● Supplied data:
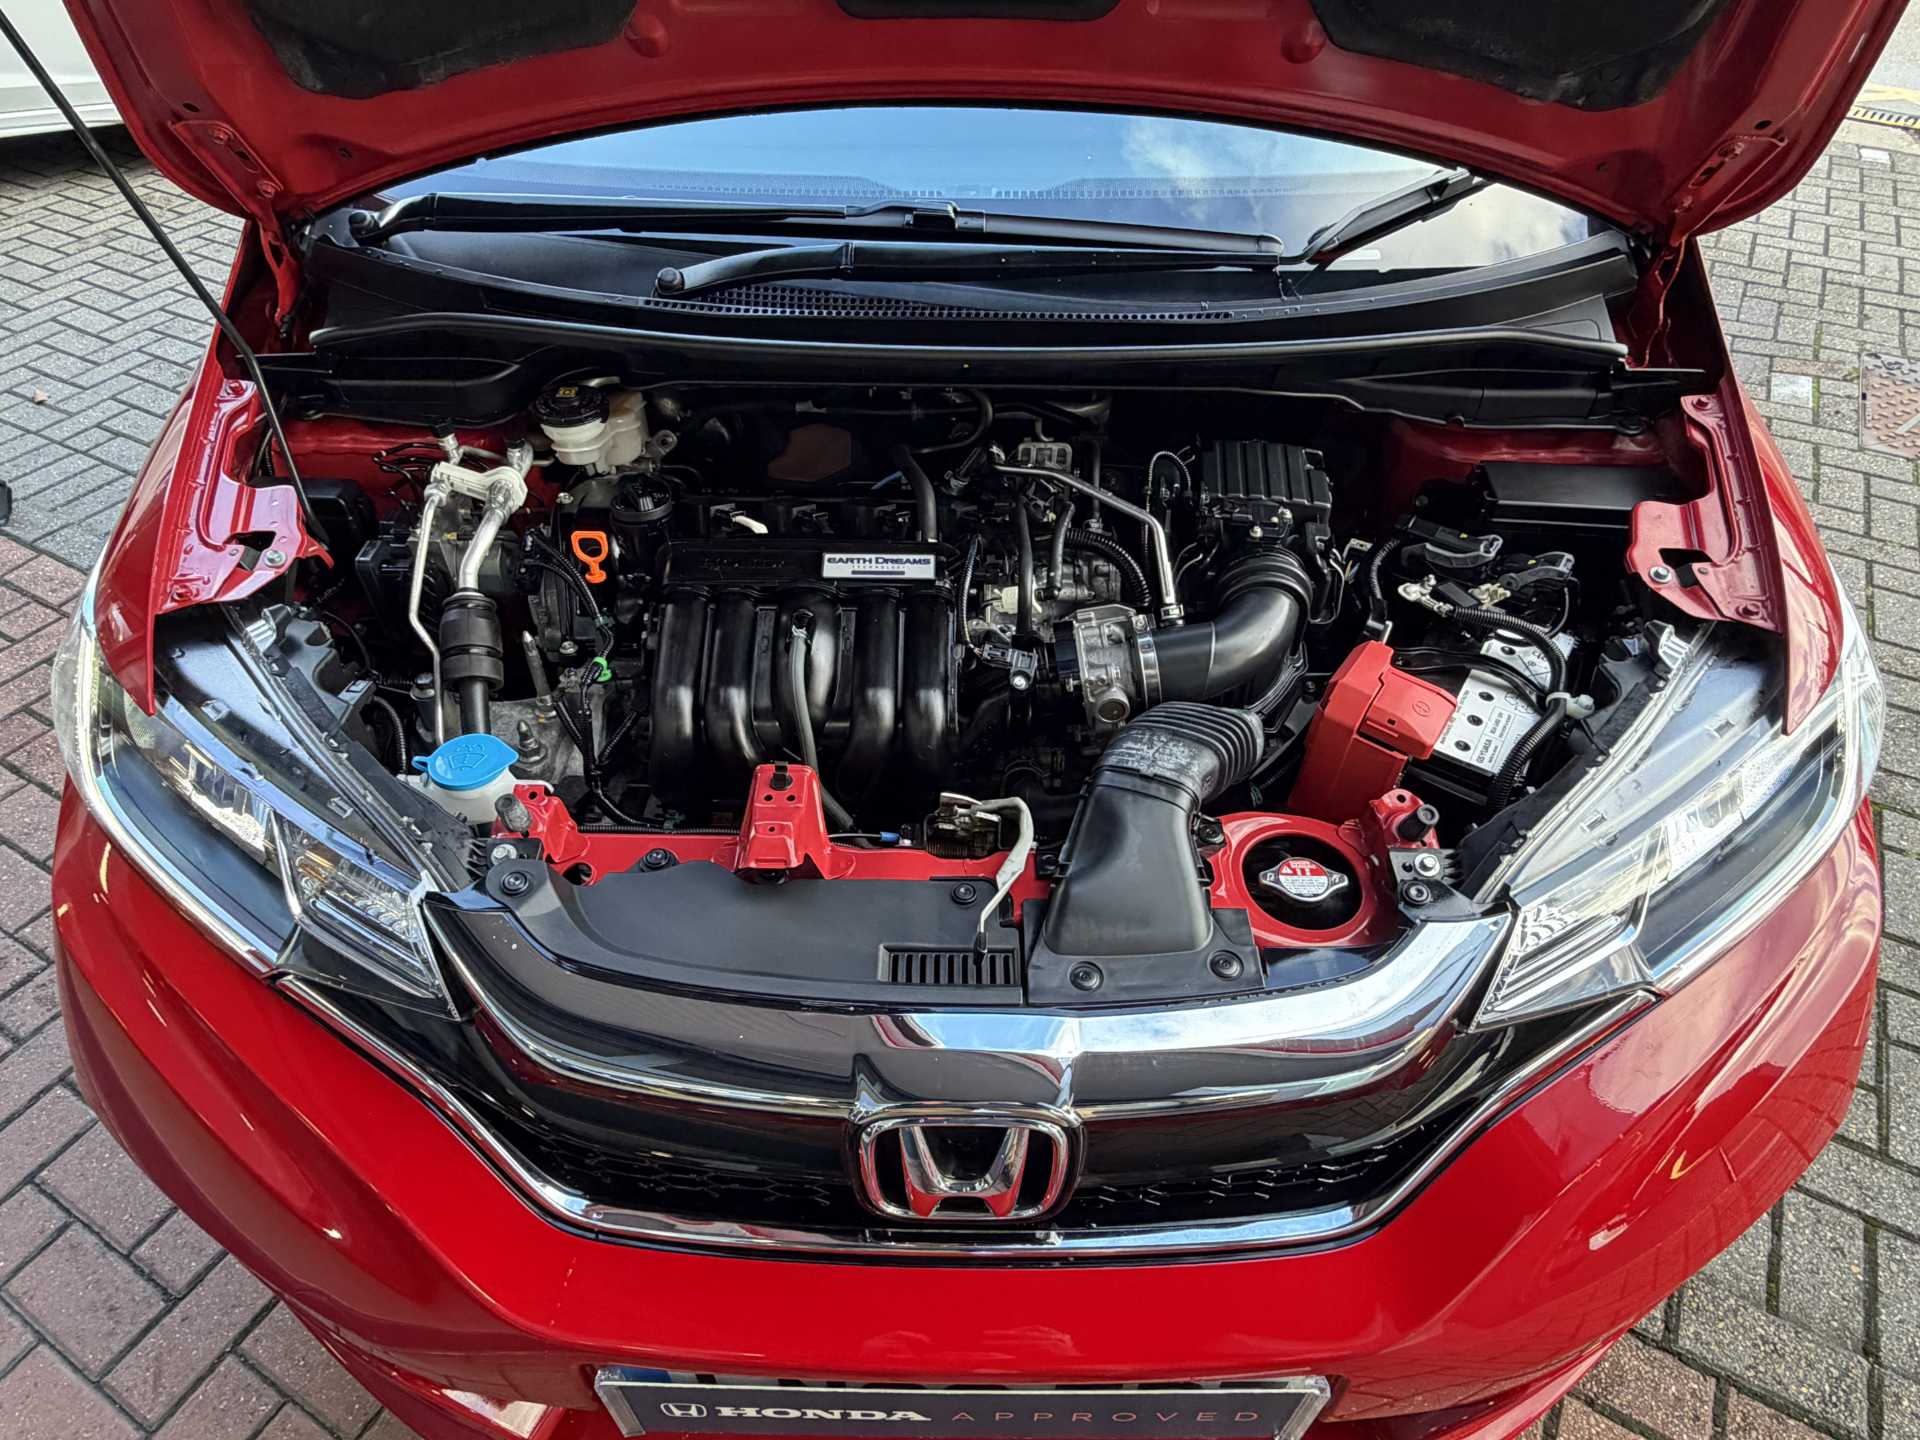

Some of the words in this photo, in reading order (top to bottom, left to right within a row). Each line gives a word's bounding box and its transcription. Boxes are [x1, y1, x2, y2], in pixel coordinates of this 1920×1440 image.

[827, 557, 873, 565] EARTH
[875, 556, 931, 566] DREAMS
[715, 1406, 932, 1421] HONDA
[952, 1411, 1259, 1423] APPROVED
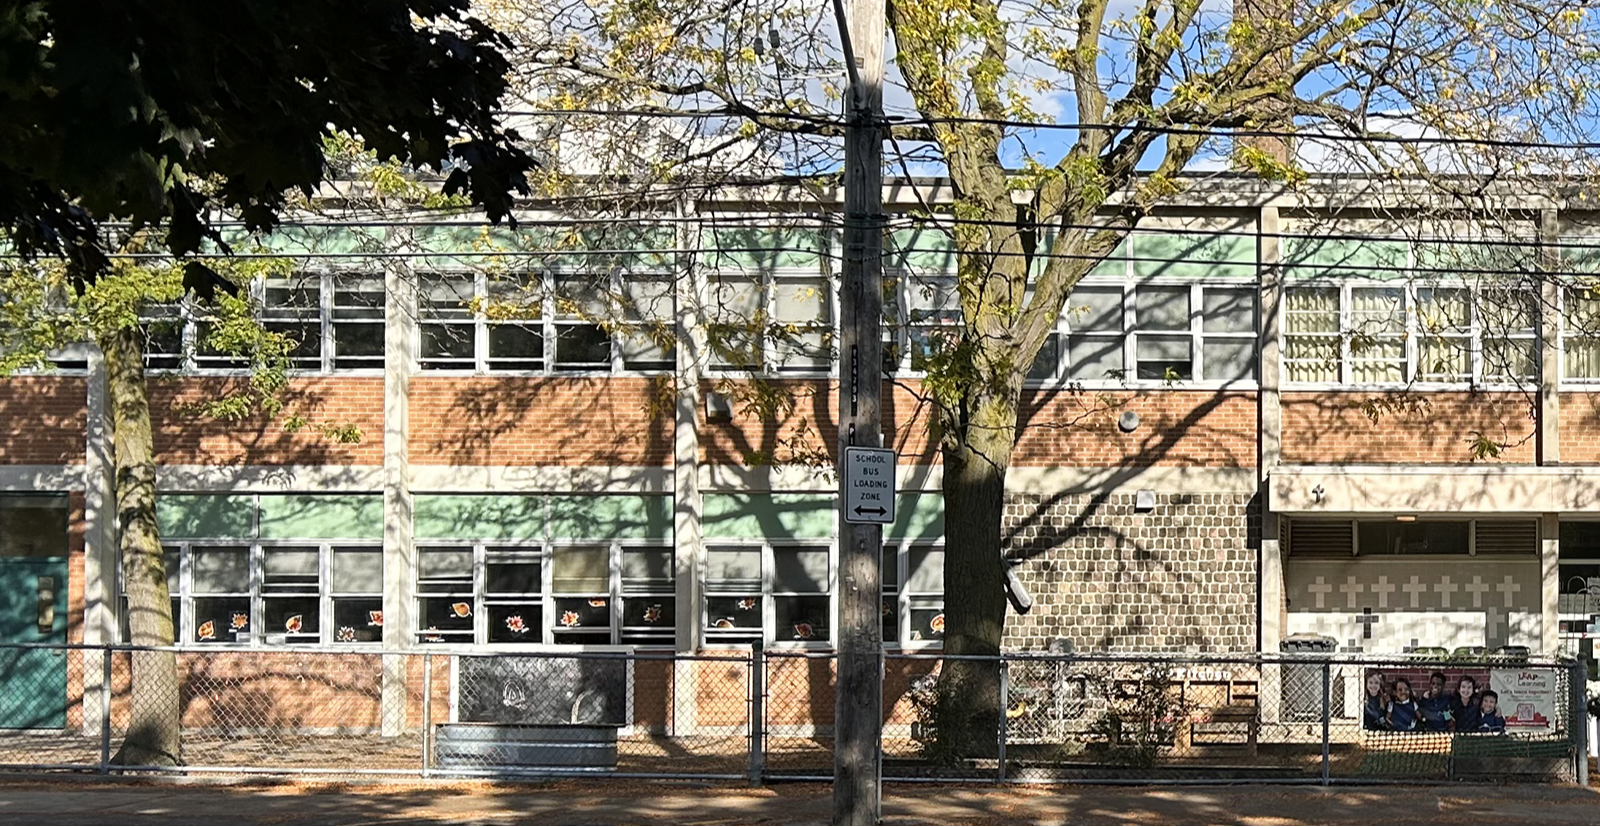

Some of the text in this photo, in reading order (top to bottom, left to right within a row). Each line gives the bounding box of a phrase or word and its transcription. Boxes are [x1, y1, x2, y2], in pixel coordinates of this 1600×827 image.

● Work to be completed: With the pictures omitted, restate every entry above word for word.

● Solution to the problem:
Some of the words in this photo, in reading order (top to bottom, left to right within a row). Each line gives a word's bounding box and its transcription. Boxes are [x1, y1, x2, y2], in pixel coordinates of this 1920×1440 image.

[827, 557, 873, 565] EARTH
[875, 556, 931, 566] DREAMS
[715, 1406, 932, 1421] HONDA
[952, 1411, 1259, 1423] APPROVED

Some of the text in this photo, in reading order (top to bottom, left to right within a row). Each line gives the bounding box of a phrase or word and its transcription. Boxes are [x1, y1, x2, y2], in pixel coordinates of this 1600×827 image.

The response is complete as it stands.